Version 1.7.0

OEChem 1.7.0

New features

  • Canonical isomeric SMILES generation has been significantly improved (OECreateIsoSmiString). On a test set of 9,962,003 compounds (4,025,817 with atom or bond stereo) OEChem 1.6.1 would generate different canonical isomeric smiles for 135,985 of the compounds based on random reordering of the atoms. This failure rate has been reduced to just 78 compounds, a 99.94% improvement. Furthermore, the generation has been optimized so that it is roughly 10-30% faster than the OEChem 1.6.1 algorithm.

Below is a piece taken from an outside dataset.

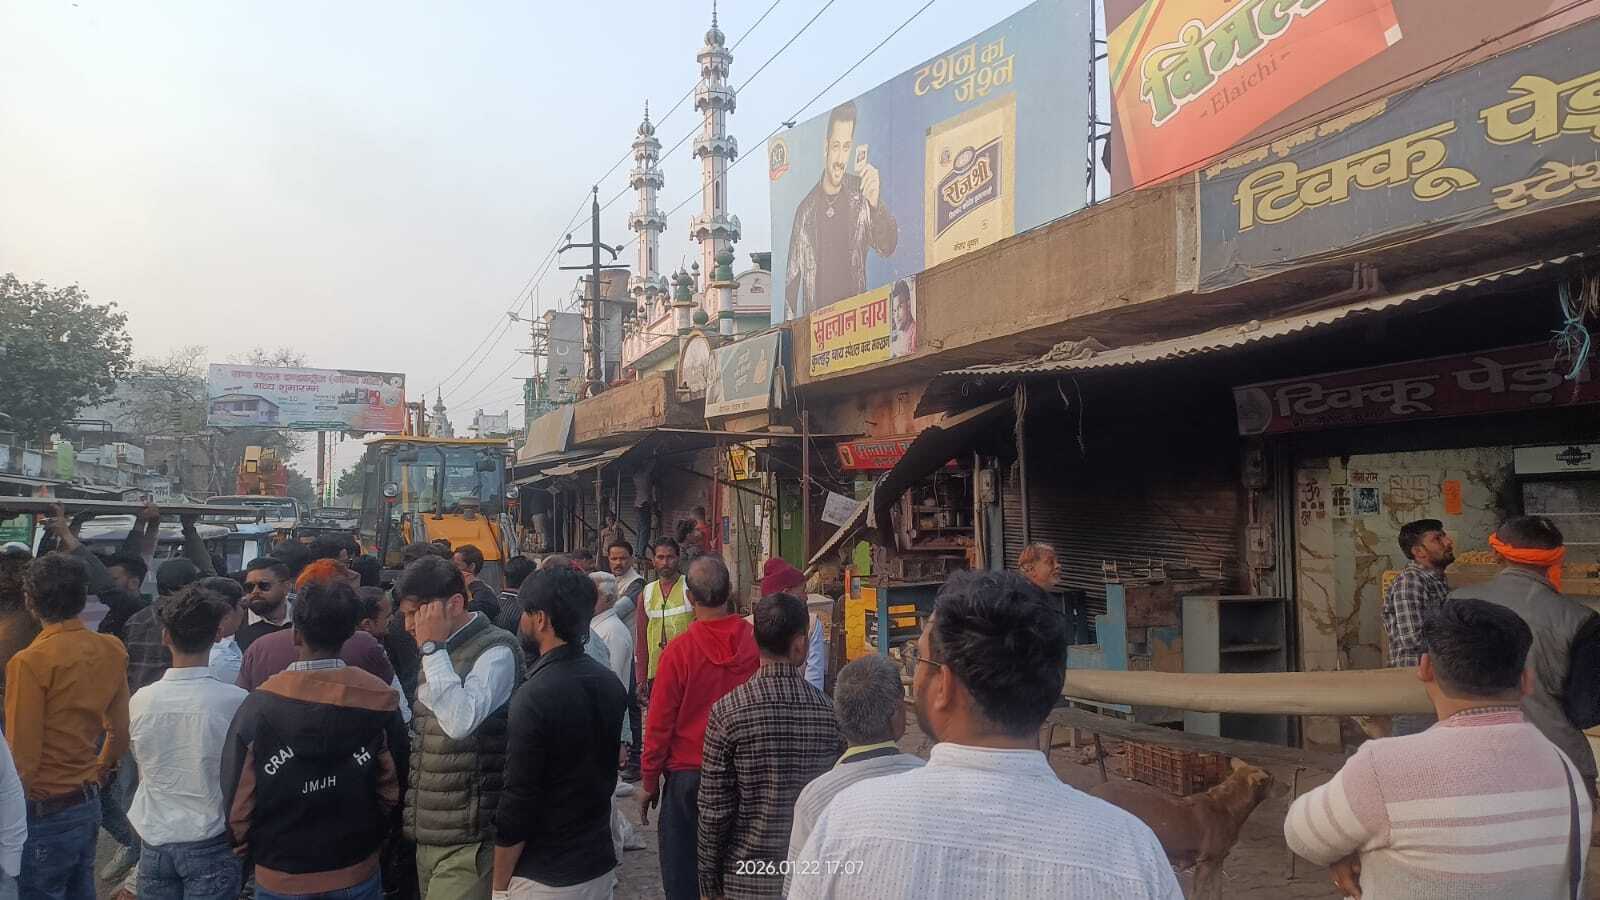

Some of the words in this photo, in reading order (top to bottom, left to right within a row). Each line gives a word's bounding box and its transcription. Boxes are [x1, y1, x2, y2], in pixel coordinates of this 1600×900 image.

  • OEReadMDLQueryFile has been added to read MDL query files into the OEQMol object. This allows for easy integration of MDL query files with the swath of OEChem tools based upon query molecules. The MDL query based substructure search was tested on a set of 655 query files.

    See also

    The Substructure Search with MDL Queries chapter in the OEChem theory manual.

  • OEChem also supports MDL reaction based library generation. Reaction file can be imported into a OEQMol object by calling OEReadMDLReactionQueryFile function. The OELibraryGen object then can be initialized with the imported reaction. The library generation was extensive tested on a set of 160 diverse reactions.

    See also

    The MDL Reaction Query File section in the OEChem theory manual.

  • The MiniMol implementation of OEGraphMol has been made more robust and optimized significantly for both speed and size. There used to be an arbitrary 1000 atom and bond limit, the limit is now a lot higher, \(2^{15}\). This implementation requires Compress be called on the molecule after construction to maximize space efficiency, but does not require UnCompress be called on it before it can be used. This makes it an ideal molecule implementation for in-memory substructure searching.

  • Added oemolithread and oemolothread for threaded molecule I/O. OEReadMolecule and OEWriteMolecule are thread-safe on oemolithread and oemolothread respectively.

    See also

    The Input and Output Threads section in the OEChem theory manual.

  • Added implementation of Zap 9 Radii from [Nicholls-2008] through the OEAssignZap9Radii function.

  • Added OEShortestPath function since it is an often-asked-for algorithm.

  • Added OEIdxSelected predicate for easy sub-setting of a molecule using an array of bool indexed by indices.

  • Added OECount function for easily counting atoms or bonds in a molecule based on arbitrary predicates.

Major bug fixes

  • Fixed seg fault in SMARTS parsing when the SMARTS contained the [<atomic mass>H<charge>] combination.

  • Fixed invalid address alignment crash in the sketch file reader on Sparc.

  • SD tag names were limited to 75 characters. This release raises the limit to 4096.

  • Several major changes are made in the library generation process in order to ensure that products are generated with a valid Kekulé form. If there is an explicit hydrogen in the product side of the input reaction, then OELibraryGen will add hydrogens to the generated products accordingly and the first Kekulization will be based on this reaction specification. If it is unsuccessful, i.e. OEKekulize returns false, then alternatives are tried by adding and removing implicit hydrogens from specific atoms until a valid (but arbitrary) Kekulé form is identified.

    See also

    The Product Kekulization section in the OEChem theory manual.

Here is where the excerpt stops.